**Your assignment:**
Starting with the line that contains "this 1500×1334 image.", give again exactly and only each line through the end of the records; include the last line and exclude pictures.

--- START ---

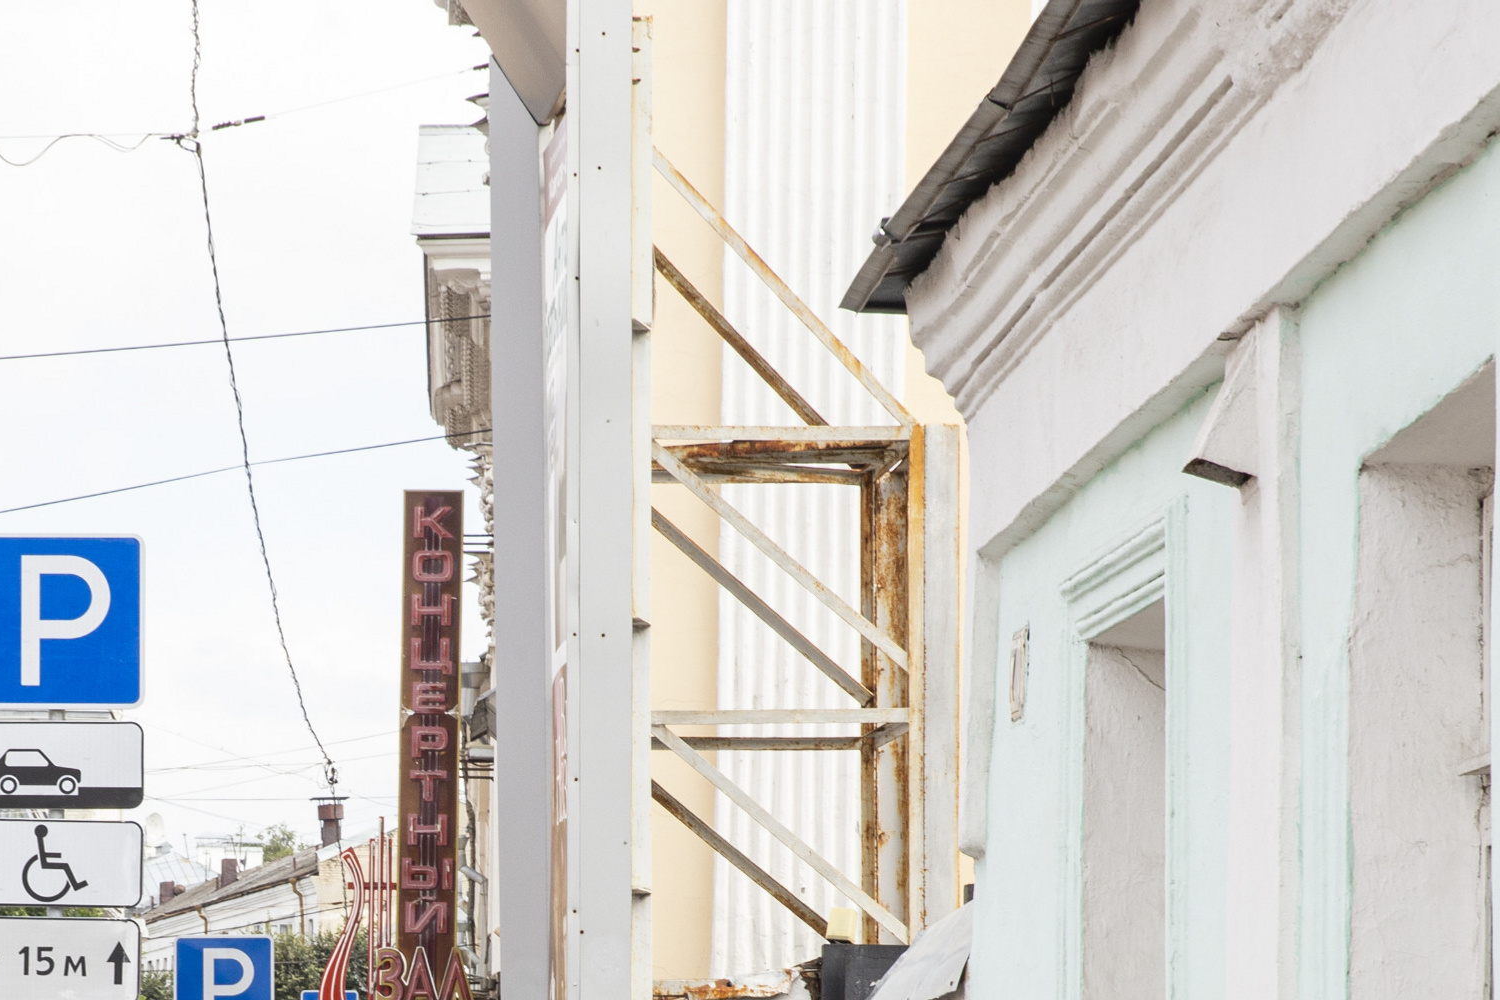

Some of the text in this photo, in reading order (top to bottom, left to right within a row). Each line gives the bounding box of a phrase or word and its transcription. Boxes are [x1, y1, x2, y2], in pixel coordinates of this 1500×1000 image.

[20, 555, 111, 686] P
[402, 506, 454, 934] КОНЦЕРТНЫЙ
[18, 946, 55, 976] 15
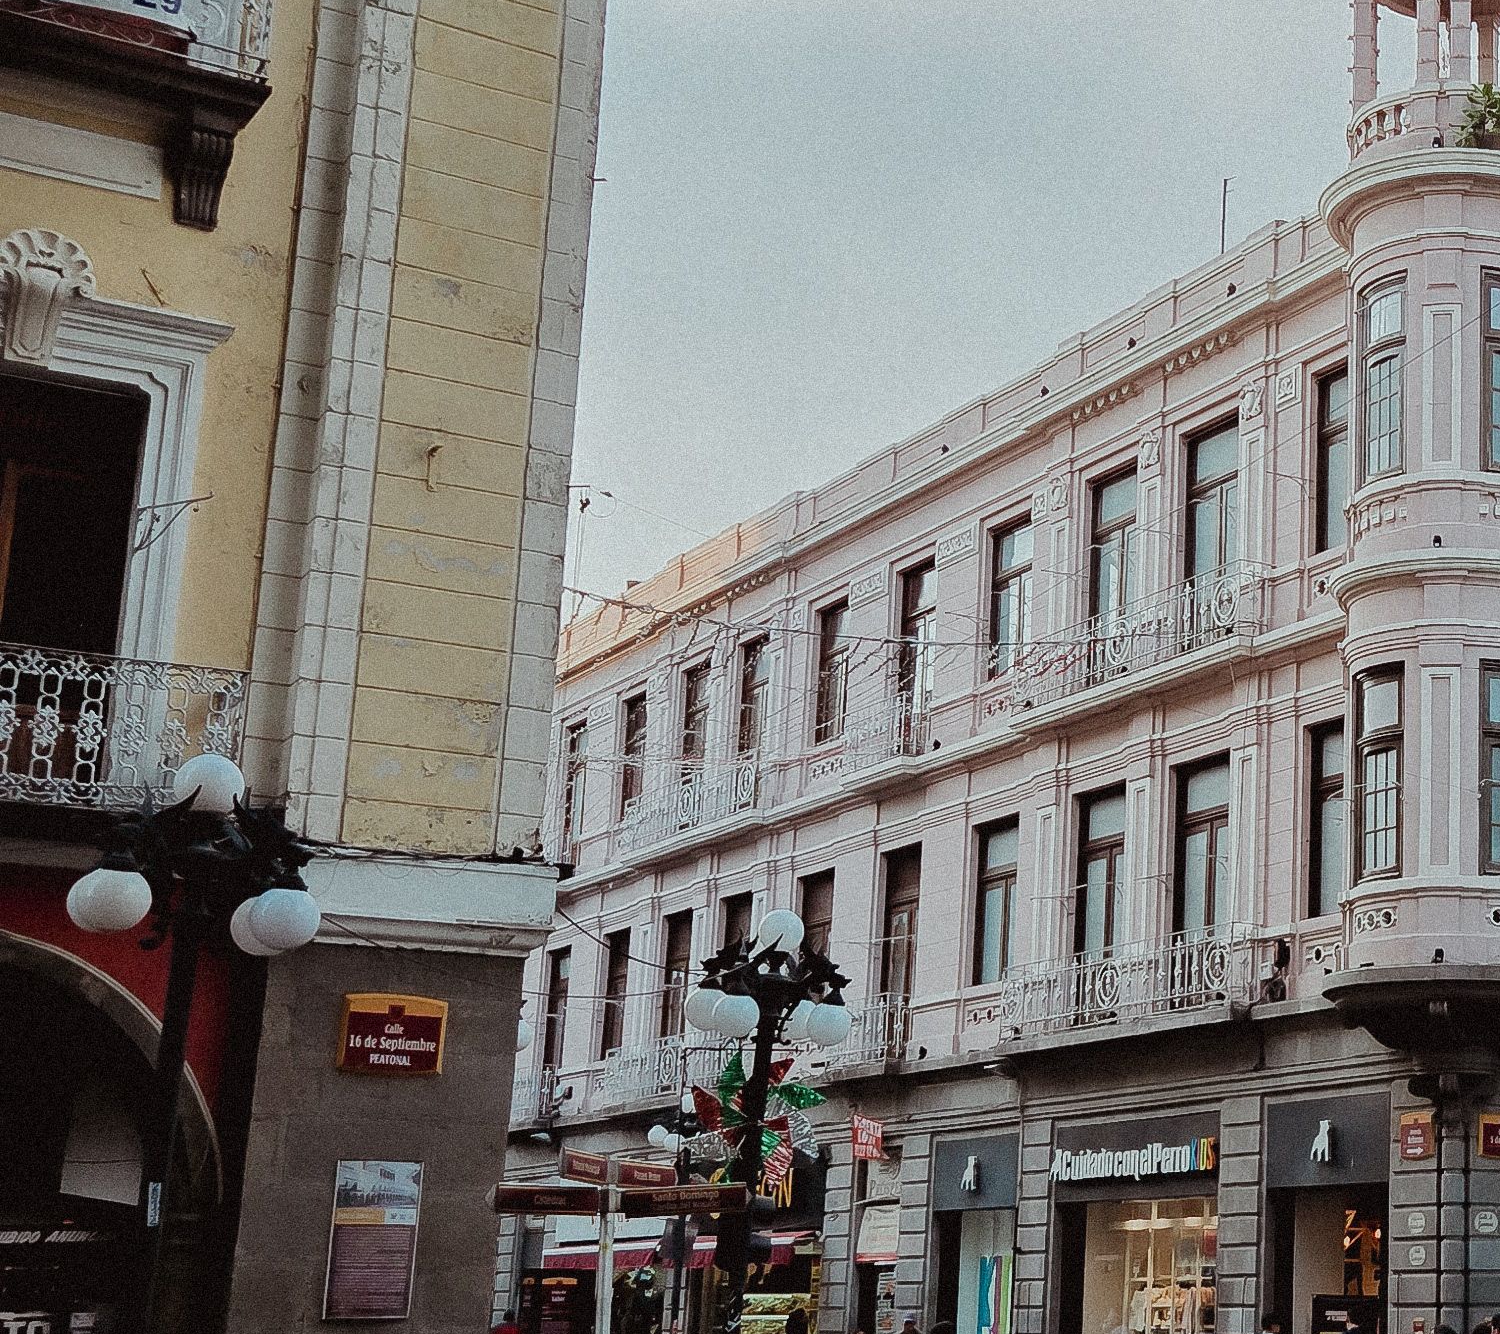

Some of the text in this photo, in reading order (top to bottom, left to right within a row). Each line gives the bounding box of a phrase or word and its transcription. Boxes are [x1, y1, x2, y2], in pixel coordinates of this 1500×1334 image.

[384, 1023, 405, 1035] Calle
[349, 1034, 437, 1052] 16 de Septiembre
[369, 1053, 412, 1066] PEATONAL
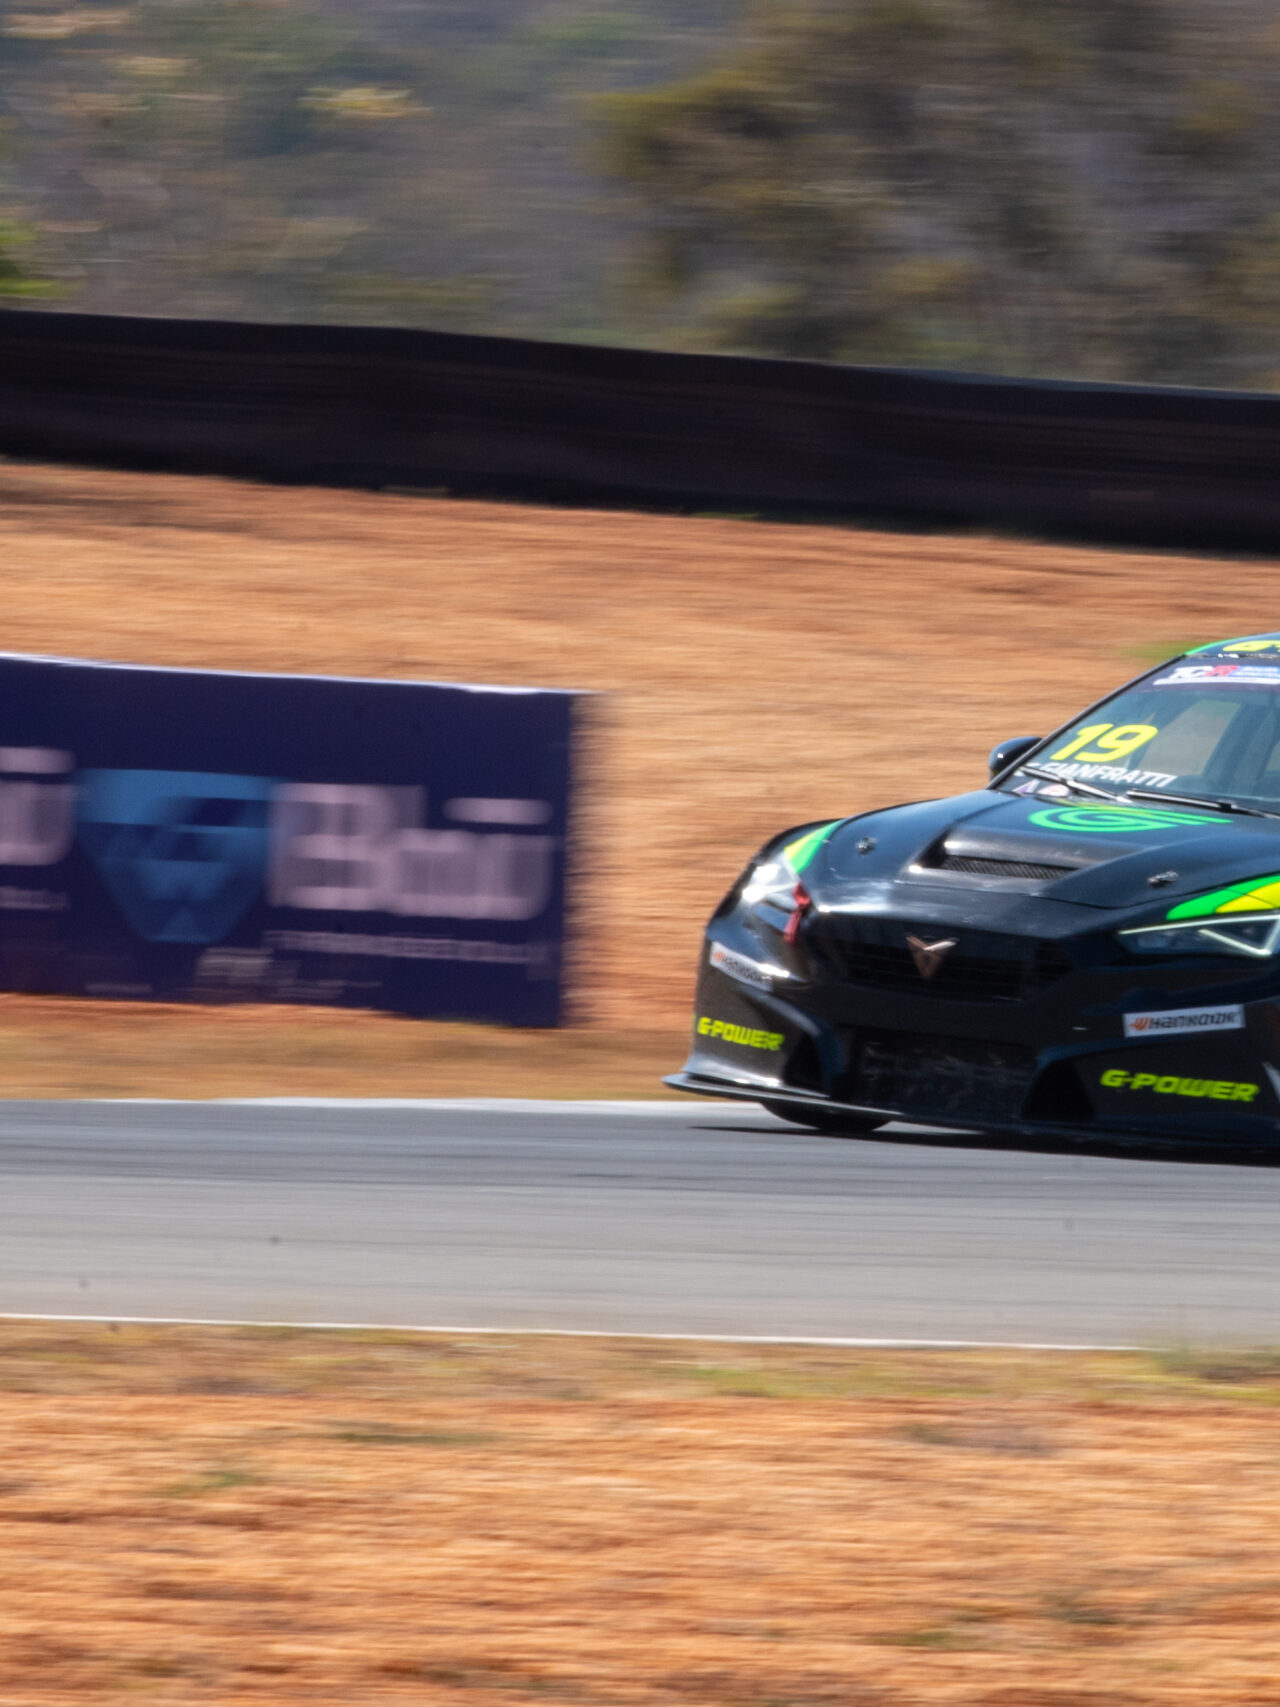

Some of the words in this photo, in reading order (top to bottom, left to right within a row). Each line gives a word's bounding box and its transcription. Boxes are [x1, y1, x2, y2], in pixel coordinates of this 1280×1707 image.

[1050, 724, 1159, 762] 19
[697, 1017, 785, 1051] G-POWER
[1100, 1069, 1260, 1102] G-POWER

--- END ---

**Result below:**
Some of the text in this photo, in reading order (top to bottom, left to right within a row). Each line gives the bounding box of a phrase or word and its transcription. Boxes are [x1, y1, x2, y2], in pixel coordinates of this 1500×1334 image.

[384, 1023, 405, 1035] Calle
[349, 1034, 437, 1052] 16 de Septiembre
[369, 1053, 412, 1066] PEATONAL

Some of the words in this photo, in reading order (top to bottom, left to right within a row). Each line gives a word's bounding box and its transcription. Boxes are [x1, y1, x2, y2], in pixel coordinates of this 1280×1707 image.

[1050, 724, 1159, 762] 19
[697, 1017, 785, 1051] G-POWER
[1100, 1069, 1260, 1102] G-POWER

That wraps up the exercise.